Spin current and chirality degrees of freedom inherent in localized electron orbitals

TL;DR

This paper reveals an exotic order parameter in localized electron orbitals linked to spin currents and chirality, offering new insights into quantum states of matter beyond traditional charge, spin, or current descriptions.

Contribution

It introduces the concept of electric toroidal multipoles as an order parameter connected to spin currents and chirality in localized electron orbitals, expanding understanding of quantum states.

Findings

Identification of an exotic order parameter in electron orbitals.

Link between spin currents, chirality, and electric toroidal multipoles.

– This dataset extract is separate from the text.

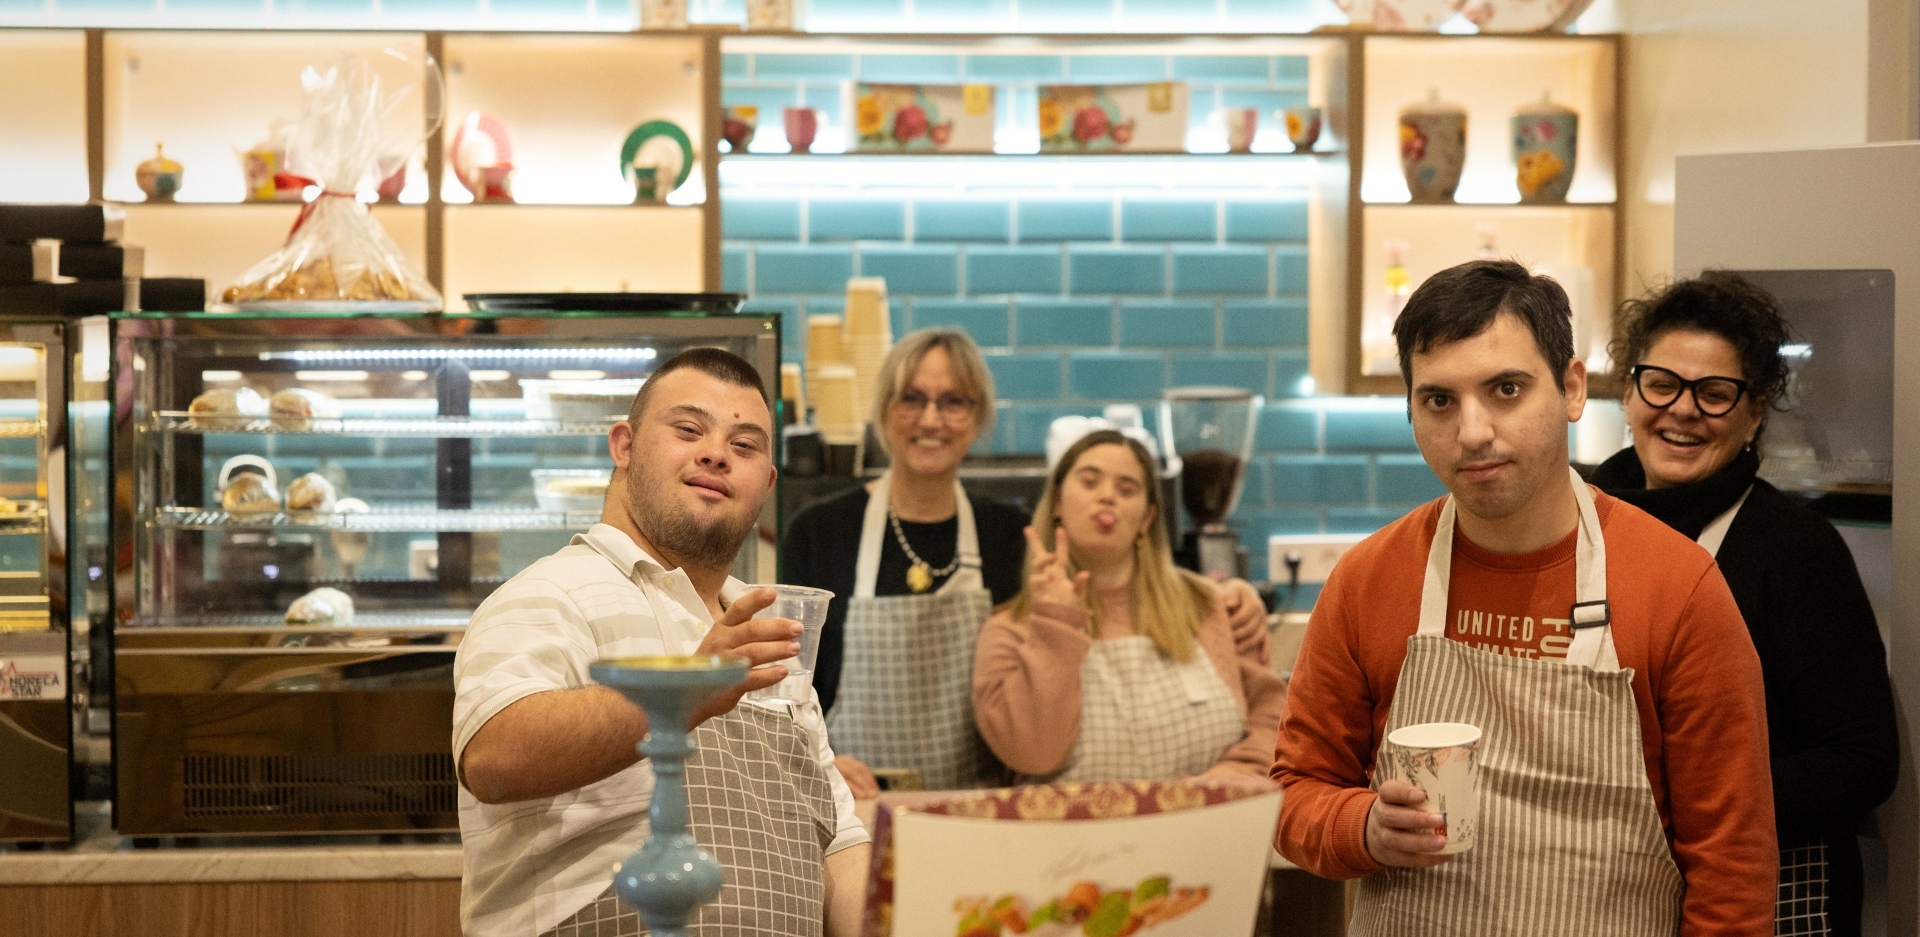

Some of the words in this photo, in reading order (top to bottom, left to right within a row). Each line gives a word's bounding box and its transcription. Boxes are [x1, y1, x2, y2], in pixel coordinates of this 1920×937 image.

New perspective on microscopic quantum states of matter.

Abstract

In solid state physics, any phase transition is commonly observed as a change in the microscopic distribution of charge, spin, or current. Here we report the nature of an exotic order parameter inherent in the localized electron orbitals that cannot be primarily captured by these three fundamental quantities. This order parameter is described as the electric toroidal multipoles connecting different total angular momenta under the spin-orbit coupling. The corresponding microscopic physical quantity is the spin current tensor on an atomic scale, which induces spin-derived electric polarization and the chirality of the Dirac equation. We stress that the chirality intrinsic to the elementary particle is the essence of electric toroidal multipoles. These findings link microscopic spin currents and chirality in the Dirac theory to the concept of multipoles and provide a new perspective for quantum states of matter.